**Exercise objective**.
Every entry is to be reproduced word for word, but the images are not.

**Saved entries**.
::::::::::
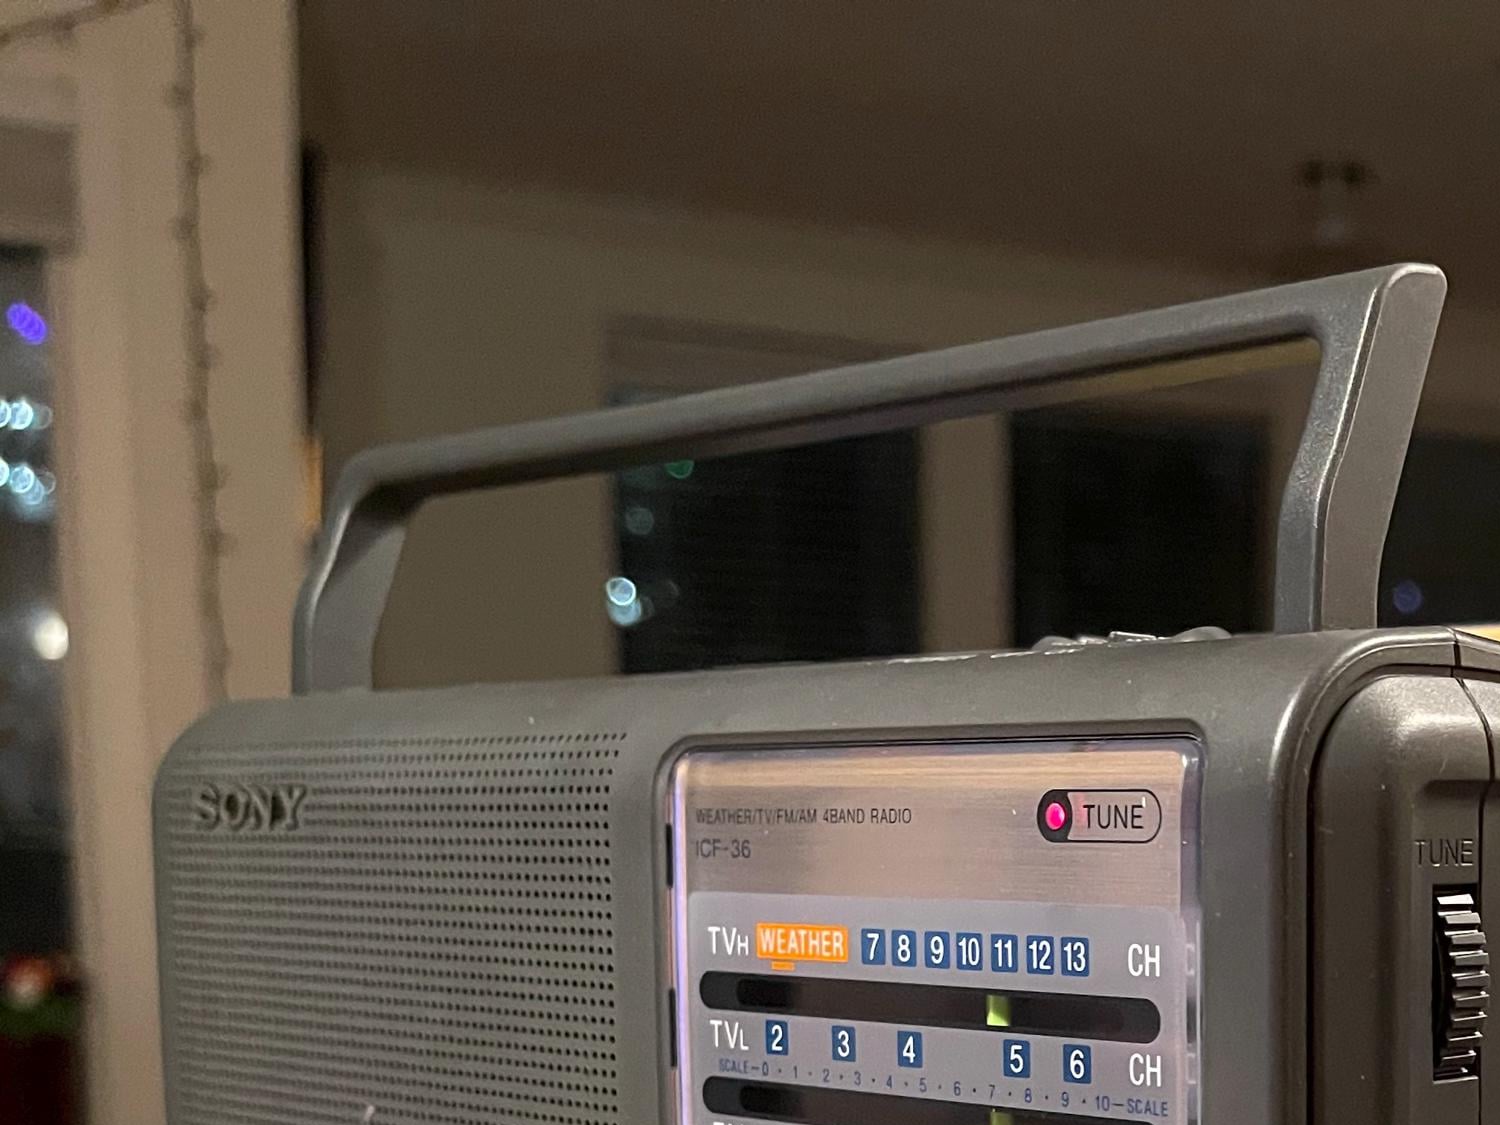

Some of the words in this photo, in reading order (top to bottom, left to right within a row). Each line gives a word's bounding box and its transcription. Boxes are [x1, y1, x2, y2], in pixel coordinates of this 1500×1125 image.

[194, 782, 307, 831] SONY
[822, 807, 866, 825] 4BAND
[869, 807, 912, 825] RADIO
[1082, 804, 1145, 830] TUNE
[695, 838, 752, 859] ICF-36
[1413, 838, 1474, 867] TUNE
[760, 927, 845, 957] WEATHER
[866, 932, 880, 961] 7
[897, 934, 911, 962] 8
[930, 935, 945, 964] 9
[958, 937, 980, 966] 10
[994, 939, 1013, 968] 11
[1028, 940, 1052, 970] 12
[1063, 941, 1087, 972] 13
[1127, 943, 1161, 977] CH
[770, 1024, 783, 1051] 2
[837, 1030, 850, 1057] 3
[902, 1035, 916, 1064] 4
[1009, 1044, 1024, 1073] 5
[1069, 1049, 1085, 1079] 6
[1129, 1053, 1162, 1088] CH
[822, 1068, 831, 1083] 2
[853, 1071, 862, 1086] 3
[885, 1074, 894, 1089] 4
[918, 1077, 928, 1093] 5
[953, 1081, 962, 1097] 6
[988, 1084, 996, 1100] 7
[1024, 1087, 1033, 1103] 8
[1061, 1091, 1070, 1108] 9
::::::::::
**Task result**.
Some of the words in this photo, in reading order (top to bottom, left to right within a row). Each line gives a word's bounding box and its transcription. Boxes are [x1, y1, x2, y2], in pixel coordinates of this 1500×1125 image.

[194, 782, 307, 831] SONY
[822, 807, 866, 825] 4BAND
[869, 807, 912, 825] RADIO
[1082, 804, 1145, 830] TUNE
[695, 838, 752, 859] ICF-36
[1413, 838, 1474, 867] TUNE
[760, 927, 845, 957] WEATHER
[866, 932, 880, 961] 7
[897, 934, 911, 962] 8
[930, 935, 945, 964] 9
[958, 937, 980, 966] 10
[994, 939, 1013, 968] 11
[1028, 940, 1052, 970] 12
[1063, 941, 1087, 972] 13
[1127, 943, 1161, 977] CH
[770, 1024, 783, 1051] 2
[837, 1030, 850, 1057] 3
[902, 1035, 916, 1064] 4
[1009, 1044, 1024, 1073] 5
[1069, 1049, 1085, 1079] 6
[1129, 1053, 1162, 1088] CH
[822, 1068, 831, 1083] 2
[853, 1071, 862, 1086] 3
[885, 1074, 894, 1089] 4
[918, 1077, 928, 1093] 5
[953, 1081, 962, 1097] 6
[988, 1084, 996, 1100] 7
[1024, 1087, 1033, 1103] 8
[1061, 1091, 1070, 1108] 9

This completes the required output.